[The data — start]

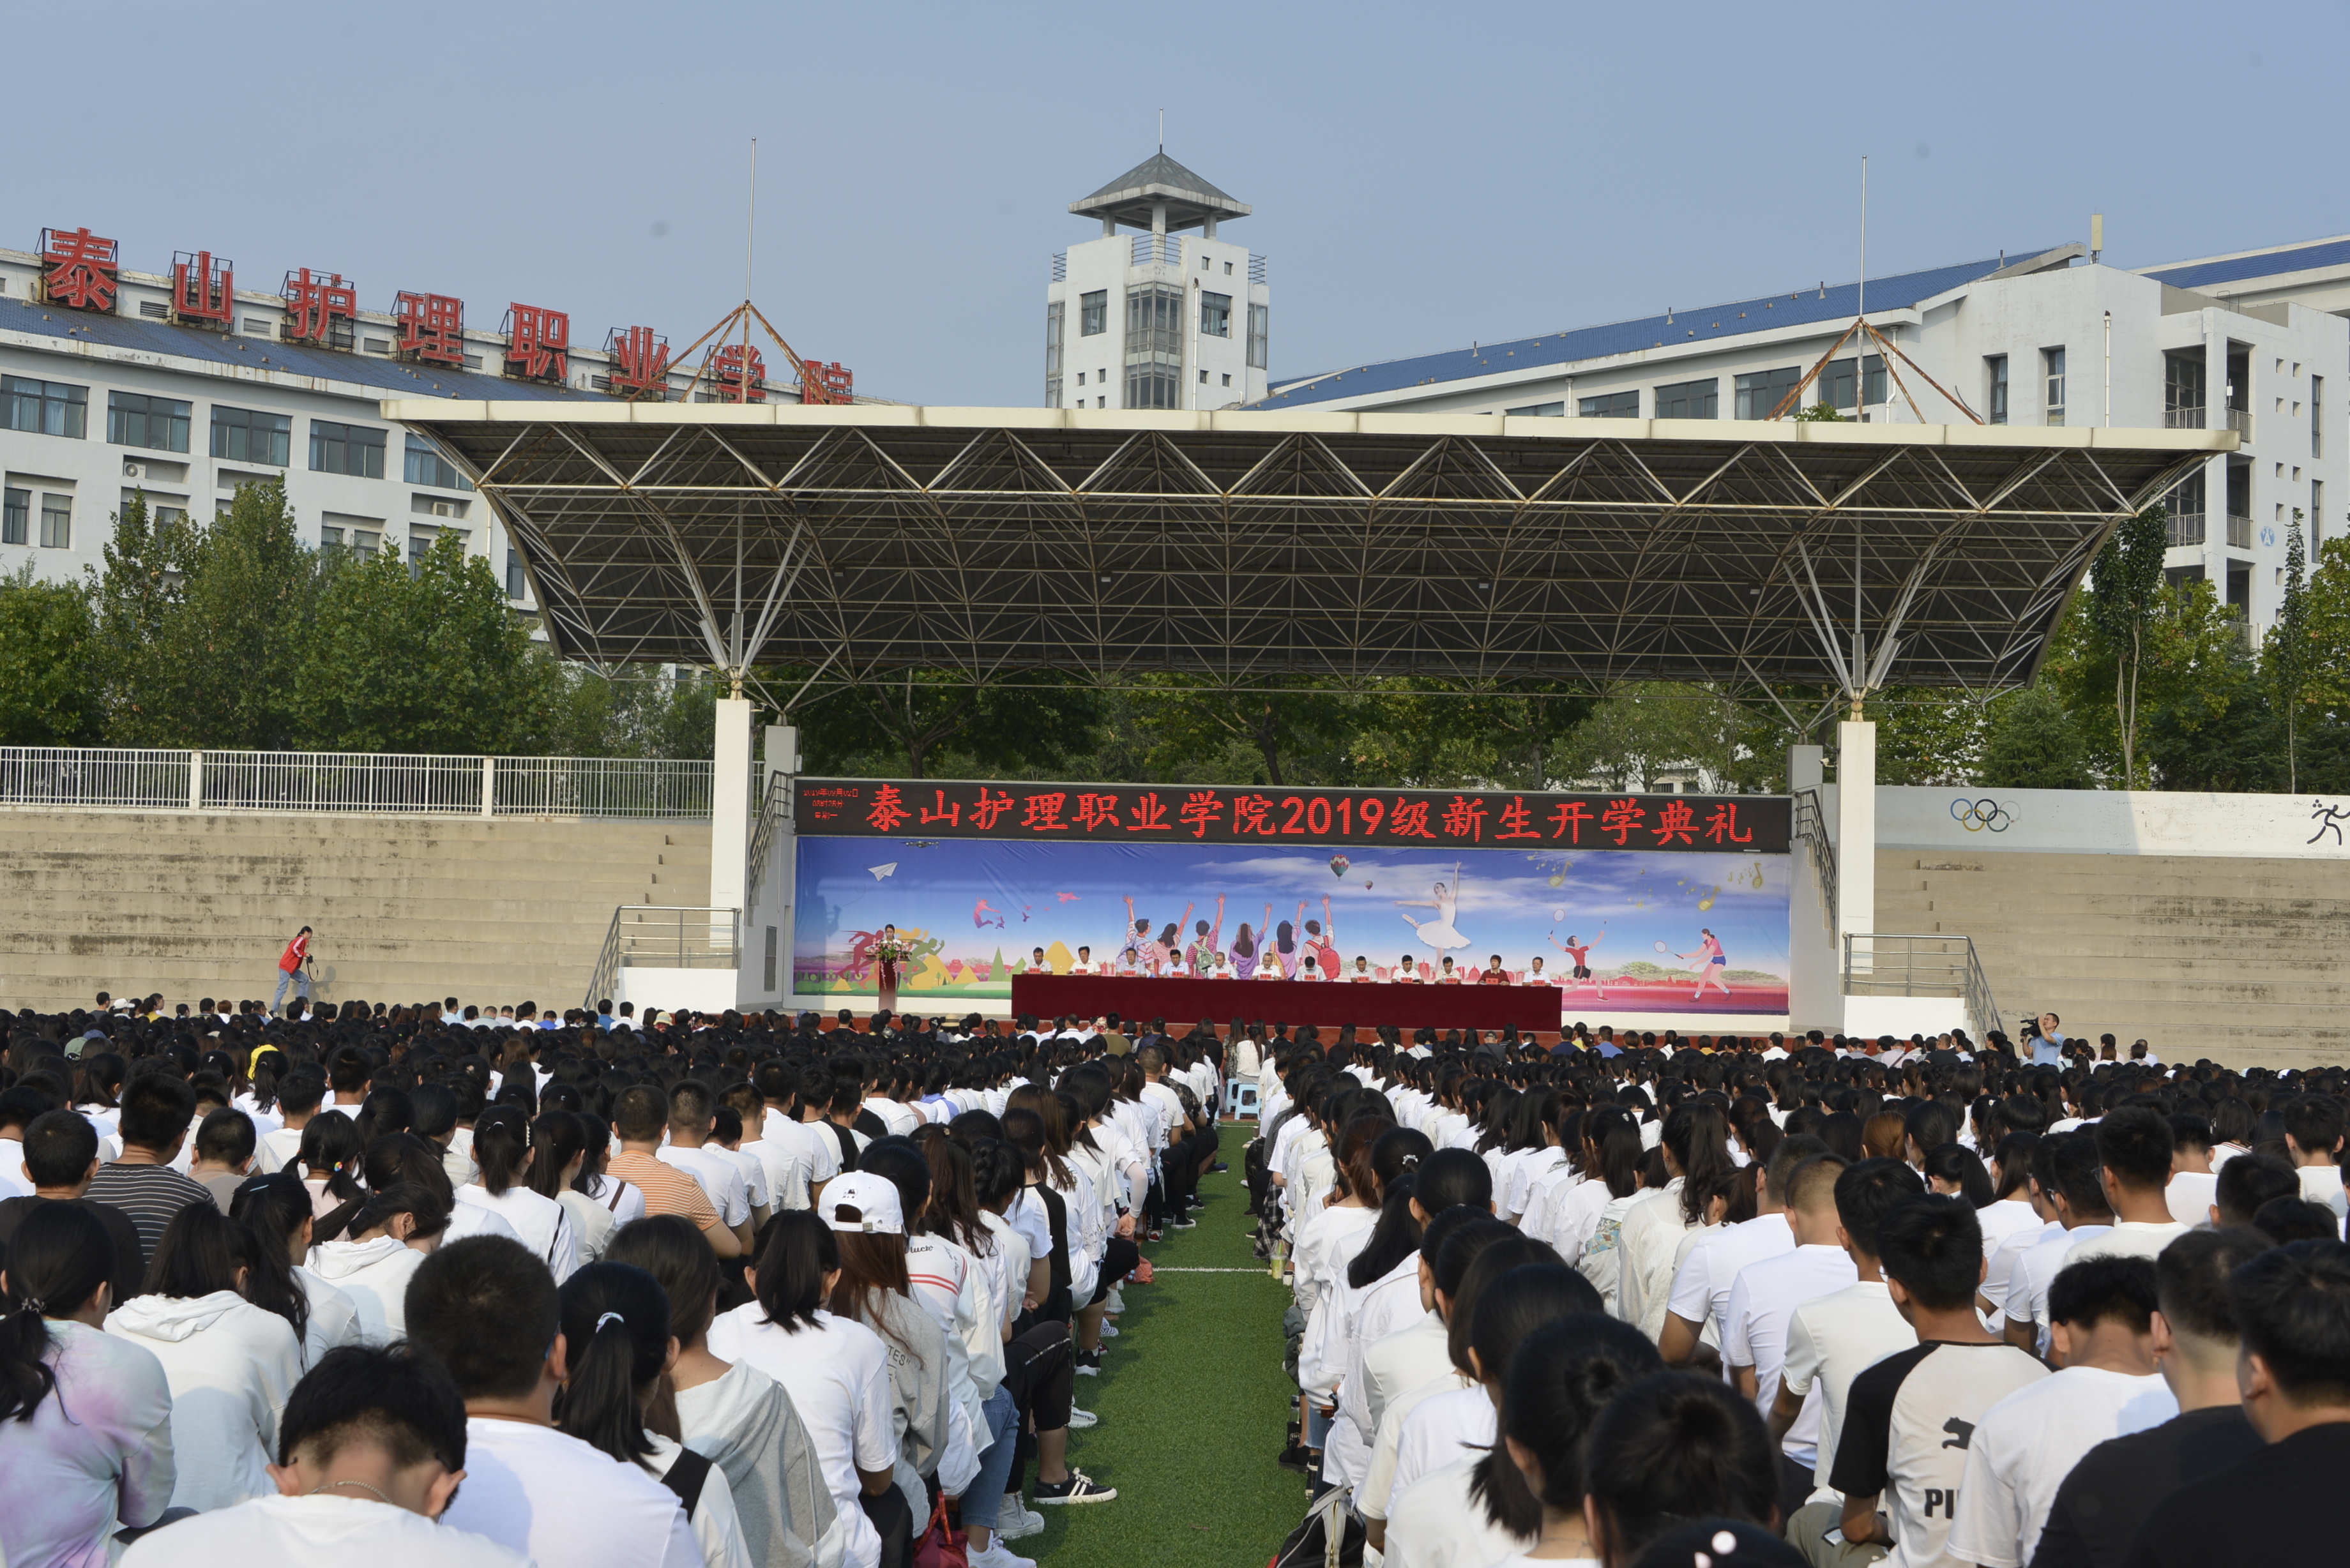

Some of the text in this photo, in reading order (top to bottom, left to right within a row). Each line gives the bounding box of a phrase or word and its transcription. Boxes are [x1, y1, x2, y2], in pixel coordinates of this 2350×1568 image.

[43, 227, 854, 405] 泰山护理职业学院
[866, 783, 1754, 845] 泰山护理职业学院2019级新生开学典礼
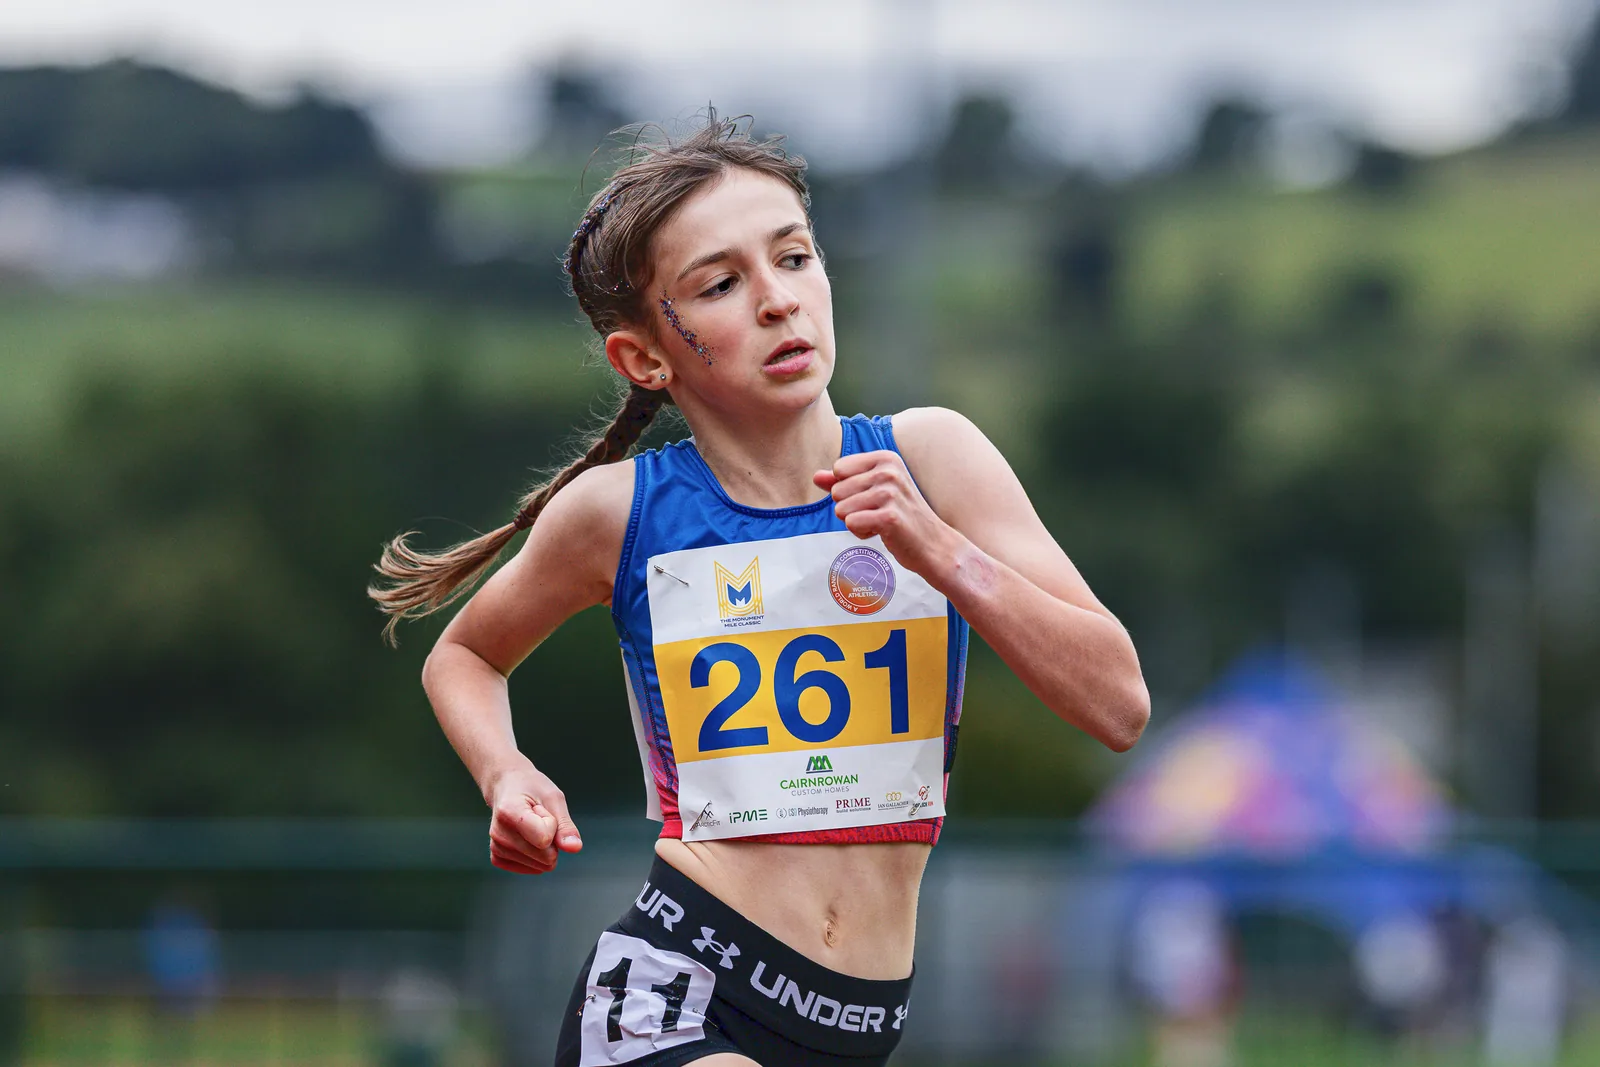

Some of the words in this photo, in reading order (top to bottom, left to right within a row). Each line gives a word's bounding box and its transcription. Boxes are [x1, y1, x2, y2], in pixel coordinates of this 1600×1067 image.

[839, 548, 879, 561] COMPETITION
[831, 561, 841, 593] RANKINGS
[834, 592, 853, 611] WORLD
[732, 615, 765, 623] MONUMENT
[690, 629, 910, 753] 261
[780, 774, 859, 790] CAIRNROWAN
[791, 788, 822, 797] CUSTOM
[825, 785, 850, 794] HOMES
[836, 797, 871, 809] PRIME
[885, 800, 909, 808] GALLACHER
[797, 806, 828, 818] Physiotherapy
[634, 880, 685, 932] UR
[597, 957, 692, 1043] 11
[750, 960, 886, 1033] UNDER
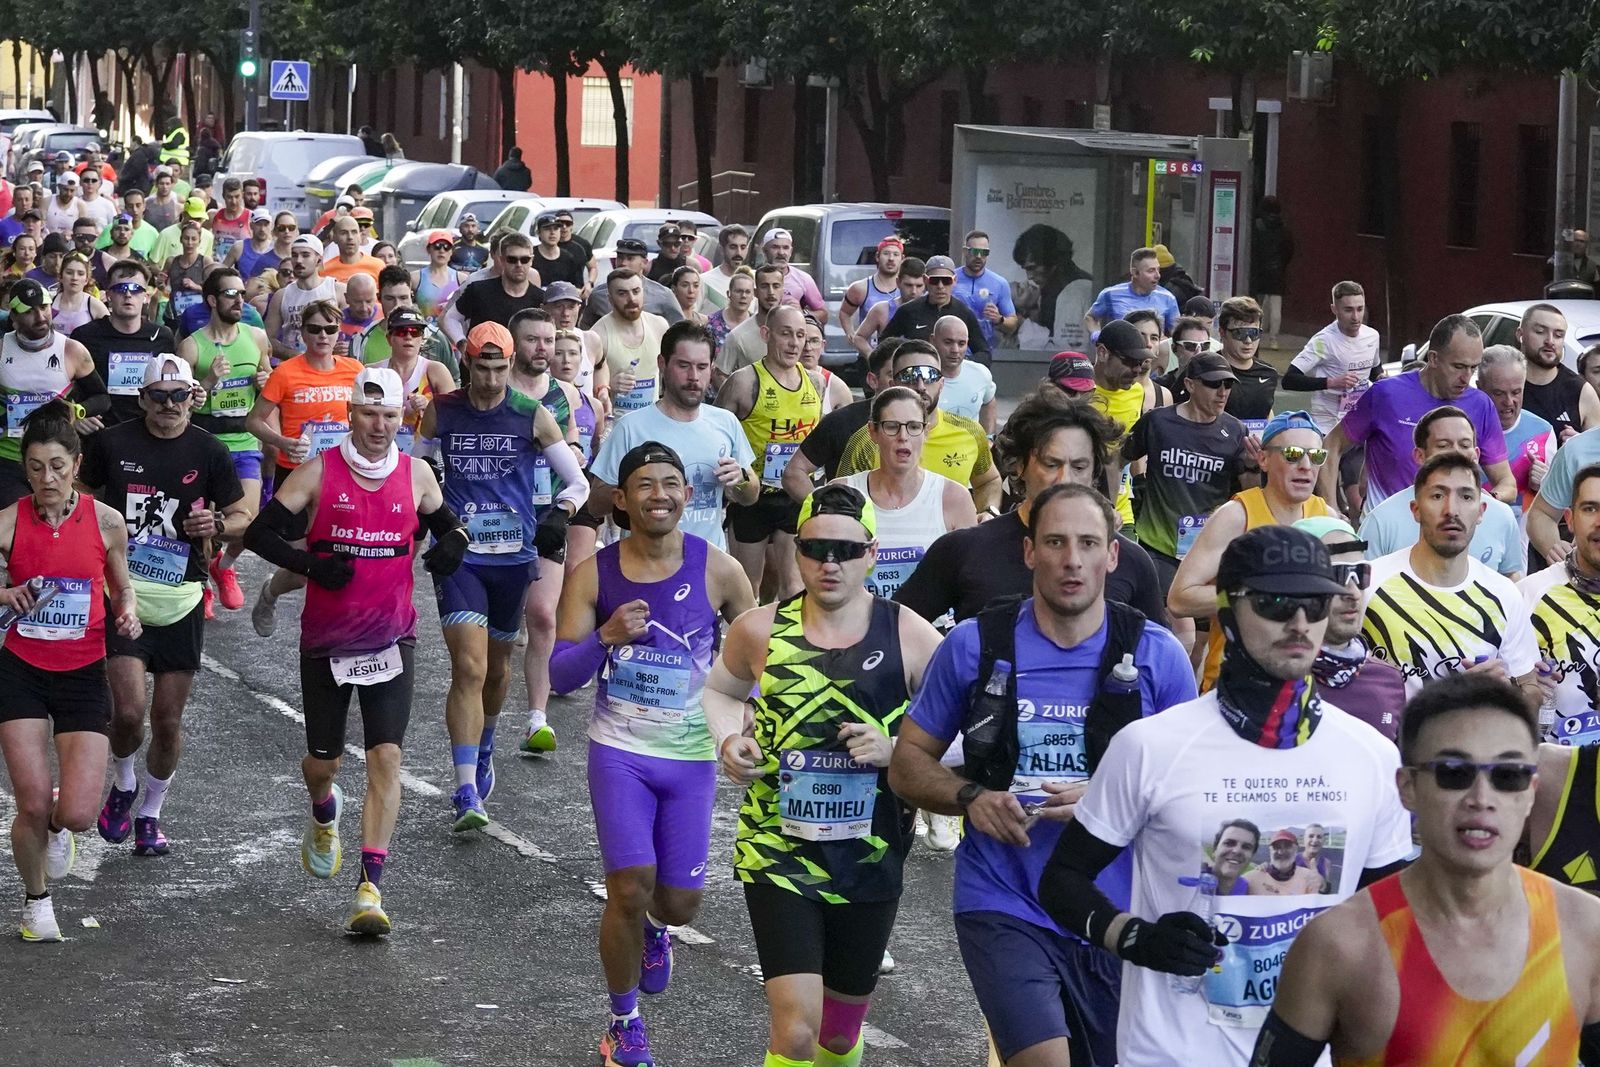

[The data — finish]

— Your objective —
The answer must be an exact reproduction of the records, with every picture left out.

— Exercise answer —
Some of the text in this photo, in reading order (top to bottom, left to right within a row). Each line gives the bounding box of a phrase or word and its transcription. Boxes are [x1, y1, x2, y2], in pixel coordinates of this 2350×1568 image.

[43, 227, 854, 405] 泰山护理职业学院
[866, 783, 1754, 845] 泰山护理职业学院2019级新生开学典礼

Some of the words in this photo, in reading order (top to bottom, left to right within a row). Each line gives a word's bounding box and its transcription. Boxes are [x1, y1, x2, y2], in pixel coordinates of this 1600×1067 image.

[839, 548, 879, 561] COMPETITION
[831, 561, 841, 593] RANKINGS
[834, 592, 853, 611] WORLD
[732, 615, 765, 623] MONUMENT
[690, 629, 910, 753] 261
[780, 774, 859, 790] CAIRNROWAN
[791, 788, 822, 797] CUSTOM
[825, 785, 850, 794] HOMES
[836, 797, 871, 809] PRIME
[885, 800, 909, 808] GALLACHER
[797, 806, 828, 818] Physiotherapy
[634, 880, 685, 932] UR
[597, 957, 692, 1043] 11
[750, 960, 886, 1033] UNDER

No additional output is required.